RefineScore: Improving Ligand Docking Accuracy and Interpretability by Predicting MDN Corrective Physical Interactions

Precisely evaluating the protein-ligand interaction is crucial in drug screening and optimization. There are significant advances in the application of machine learning approaches to developing protein-ligand scoring functions in recent years. However, traditional docking softwares and existing deep-learning methods remain unsolved limitations in terms of pose quality and binding affinity prediction accuracy. Furthermore, machine learning-based scoring functions are hard to generalize to unseen cases due to the scarcity of structure-affinity data, and mostly lack physical interpretability.
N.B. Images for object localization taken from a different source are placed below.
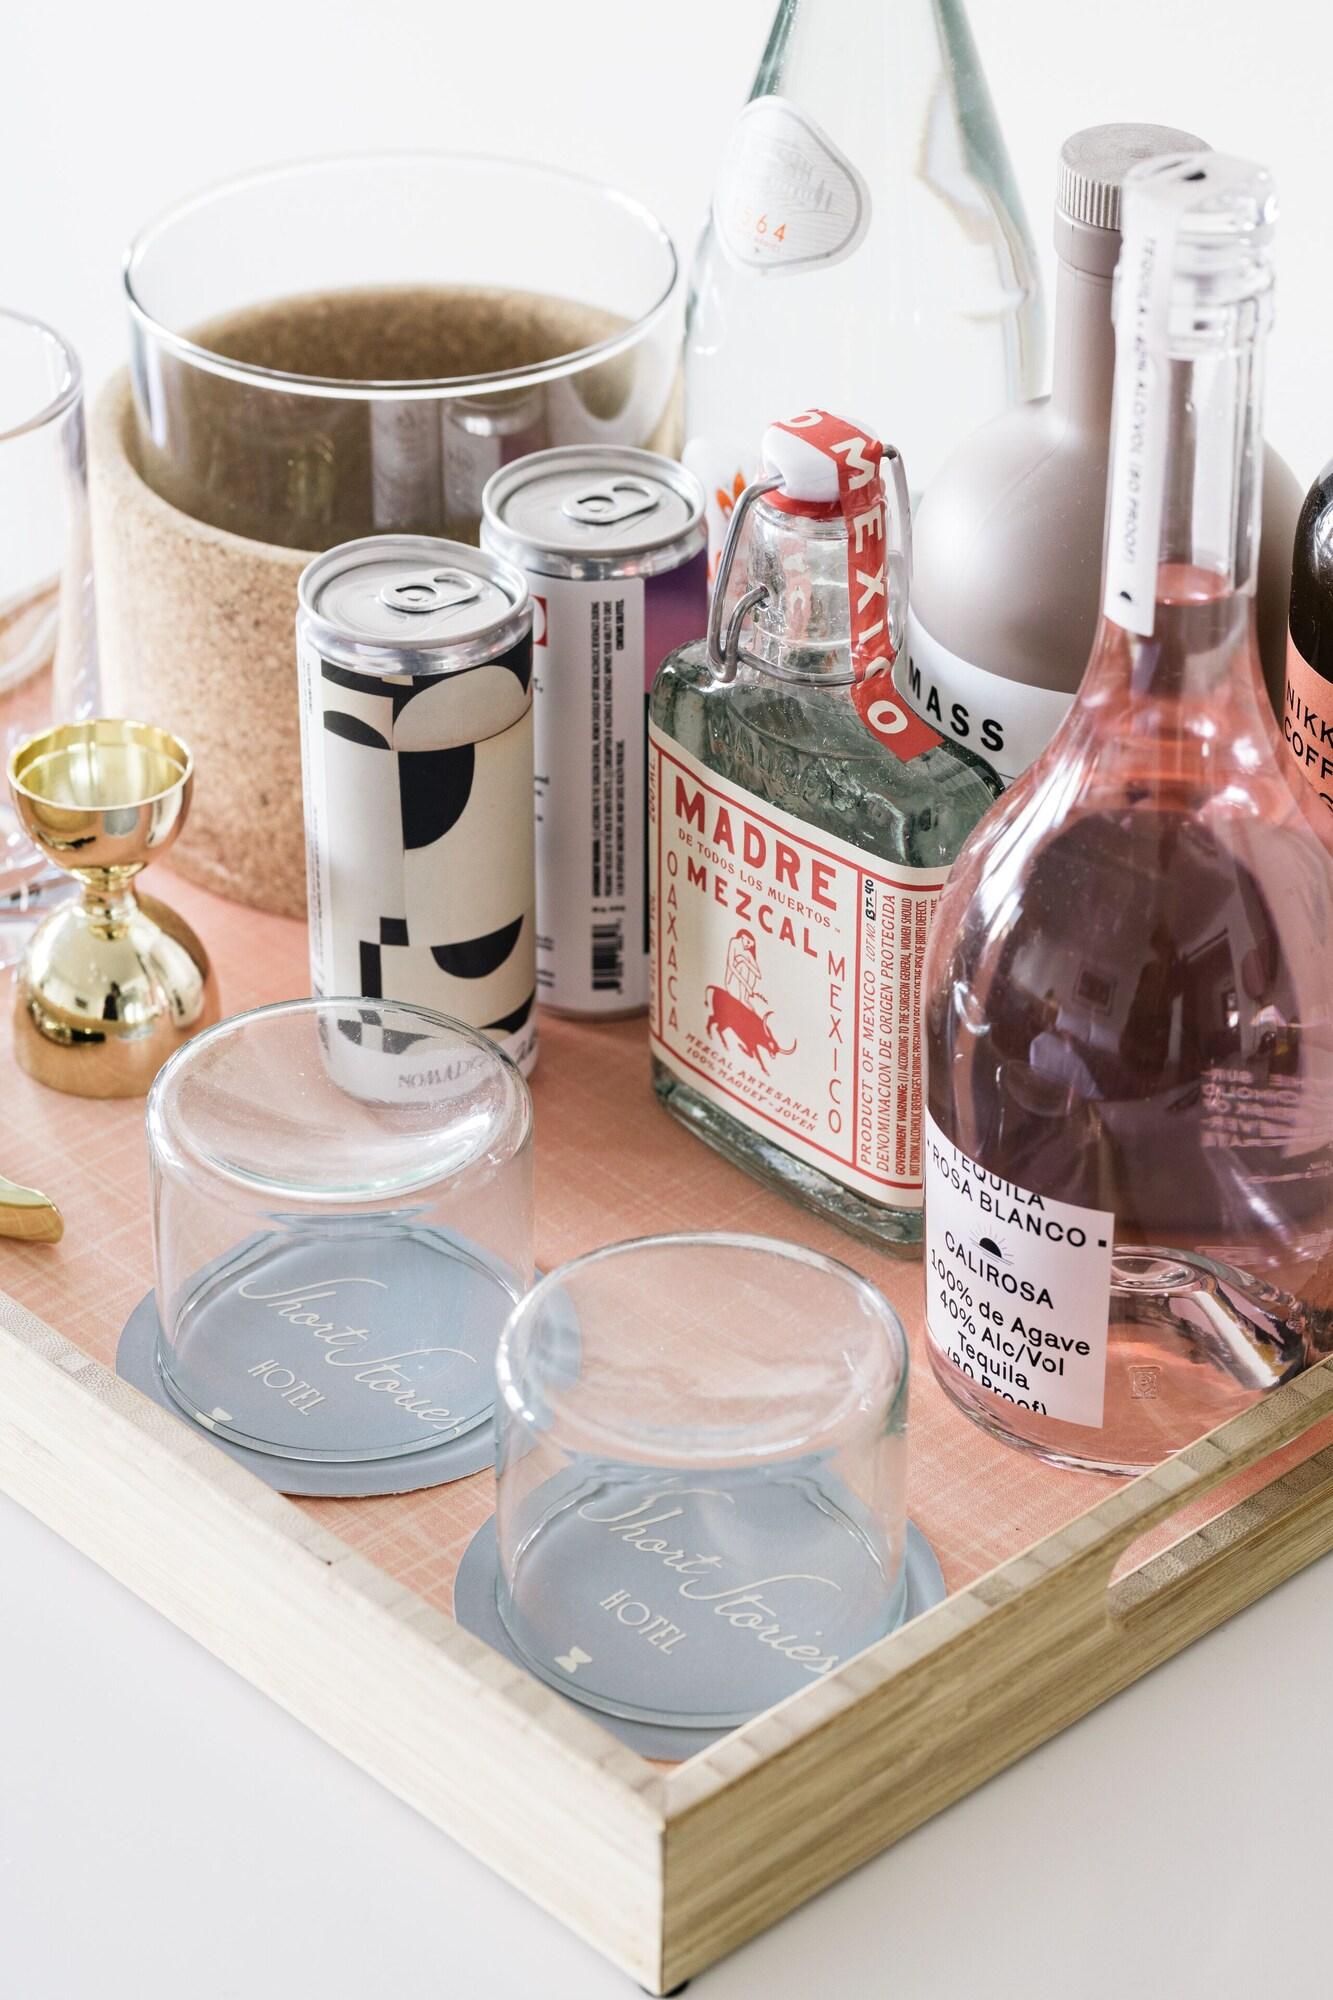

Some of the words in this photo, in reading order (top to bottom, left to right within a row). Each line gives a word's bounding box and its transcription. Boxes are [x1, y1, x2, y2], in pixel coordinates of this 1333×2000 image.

[829, 437, 908, 734] MEXICO
[908, 655, 1004, 752] MASS
[1286, 679, 1333, 749] NIKK
[1284, 716, 1333, 779] COFF
[675, 776, 837, 911] MADRE
[678, 828, 693, 847] DE
[697, 841, 735, 874] TODOS
[740, 870, 763, 892] LOS
[768, 886, 831, 928] MUERTOS
[687, 856, 818, 958] MEZCAL
[666, 851, 678, 1032] OAXACA
[880, 895, 896, 980] PROTEGIDA
[900, 898, 912, 925] SHOULD
[900, 926, 912, 950] WOMEN
[915, 927, 926, 944] BIRTH
[865, 938, 876, 963] LOT
[900, 953, 912, 981] GENERAL,
[915, 944, 926, 954] OF
[863, 970, 876, 1042] MEXICO
[879, 982, 893, 1034] ORIGEN
[898, 1011, 910, 1025] THE
[899, 981, 911, 1012] SURGEON
[828, 950, 845, 1133] MEXICO
[862, 1047, 874, 1073] OF
[879, 1038, 892, 1060] DE
[897, 1035, 909, 1072] ACCORDING
[898, 1025, 910, 1035] TO
[685, 1033, 734, 1070] MEZCAL
[738, 1070, 819, 1120] ARTESANAL
[686, 1047, 715, 1070] 100%
[718, 1069, 767, 1101] MAGUEY
[775, 1107, 816, 1131] JOVEN
[896, 1082, 908, 1122] WARNING:
[911, 1077, 922, 1111] BEVERAGES
[861, 1079, 873, 1165] PRODUCT
[876, 1061, 892, 1172] DENOMINACION
[910, 1111, 921, 1144] ALCOHOLIC
[895, 1124, 907, 1175] GOVERNMENT
[909, 1163, 920, 1176] NOT
[910, 1144, 920, 1163] DRINK
[933, 1145, 973, 1201] ROSA
[980, 1191, 1086, 1248] BLANCO
[945, 1231, 1054, 1309] CALIROSA
[931, 1249, 973, 1307] 100%
[979, 1302, 1004, 1326] de
[1010, 1317, 1090, 1355] Agave
[940, 1290, 976, 1335] 40%
[981, 1327, 1064, 1376] Alc/Vol
[238, 1278, 388, 1345] Short
[325, 1348, 477, 1429] Stories
[958, 1331, 1030, 1390] Tequila
[248, 1359, 327, 1416] HOTEL
[577, 1488, 735, 1575] Short
[679, 1574, 842, 1673] Stories
[599, 1589, 686, 1655] HOTEL
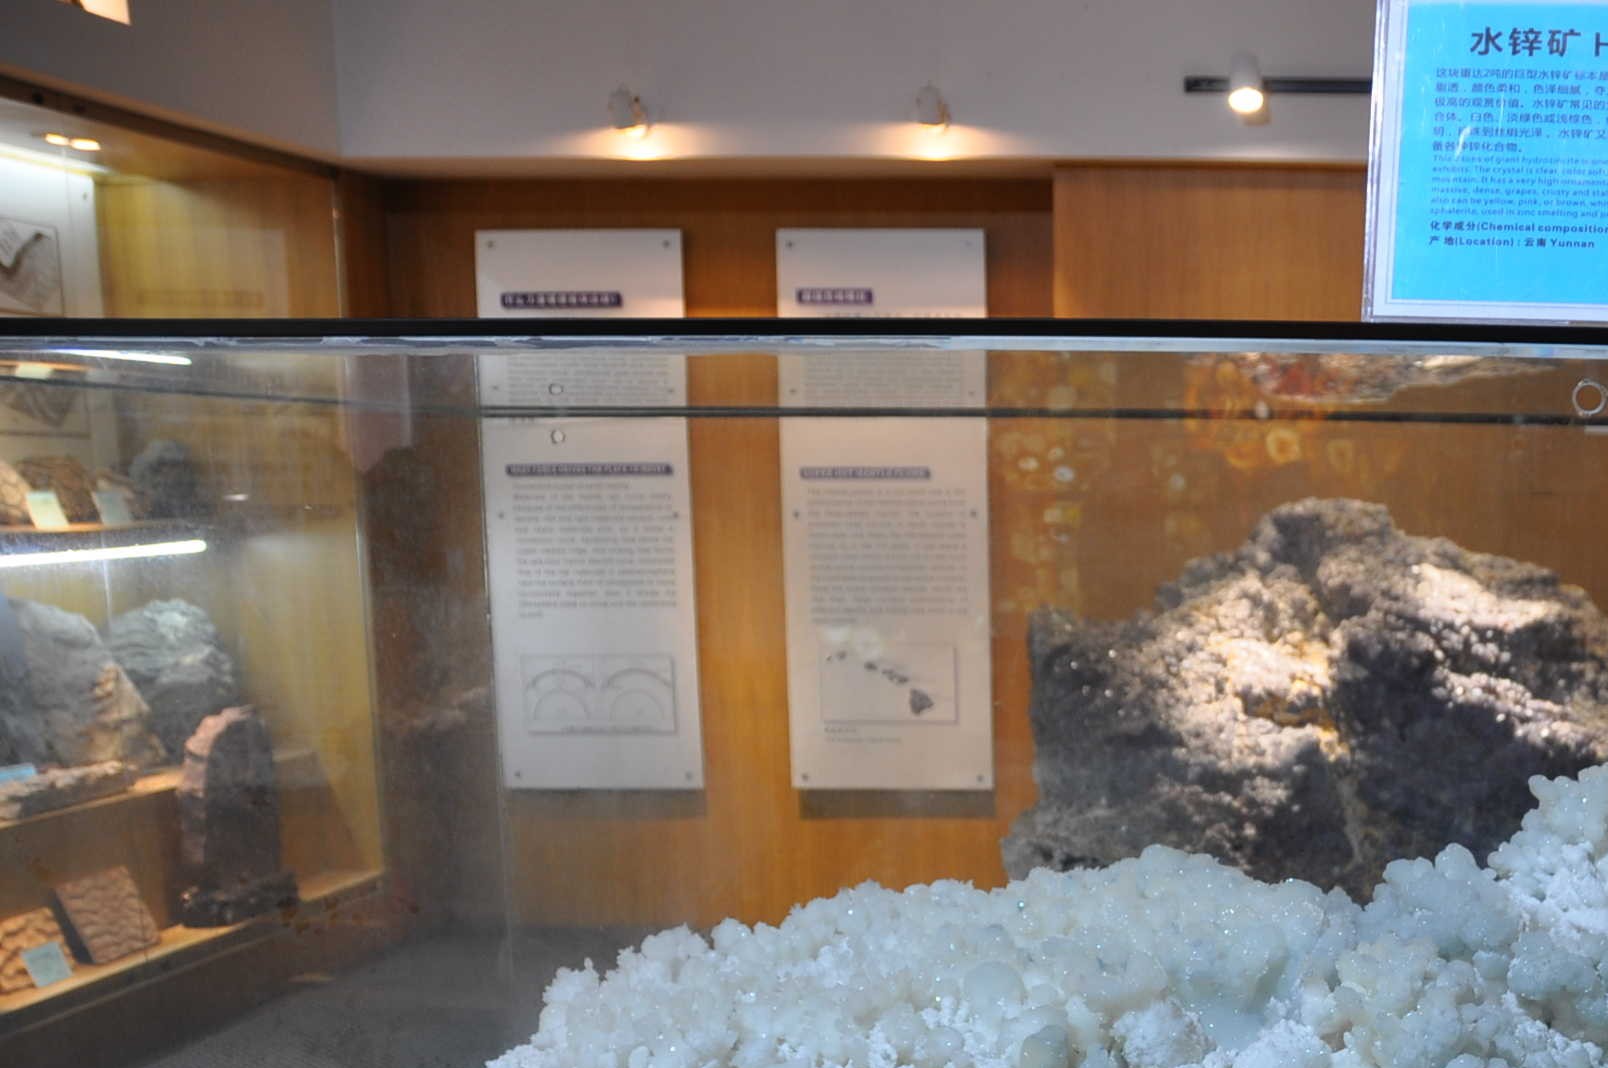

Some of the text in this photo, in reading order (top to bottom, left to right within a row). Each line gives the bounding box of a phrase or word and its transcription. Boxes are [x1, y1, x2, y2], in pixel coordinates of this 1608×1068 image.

[1470, 27, 1582, 58] 水锌矿
[1492, 167, 1524, 176] crystal
[1572, 189, 1590, 197] and
[1549, 238, 1595, 249] Yunnan
In this study, we propose RefineScore, which learns the underlying physical laws by the neural network parameterized physical energy terms. In addition, mixed density network (MDN) is introduced to predict the distance likelihoods of van der Waals (vdW) and hydrogen bonding (Hbond) pairs and further correct the classical energy equations for the absolute binding free energy calculation. RefineScore provides a versatile atomic interaction evaluation framework within protein-ligand complexes and is highly interpretable for the key interaction analysis and energy contribution decomposition. By integrating these carefully tailored techniques, RefineScore maintains the advantages of machine learning models while providing physical interpretability and capturing complex interaction patterns. Our evaluation results show that RefineScore has superior scoring and ranking power.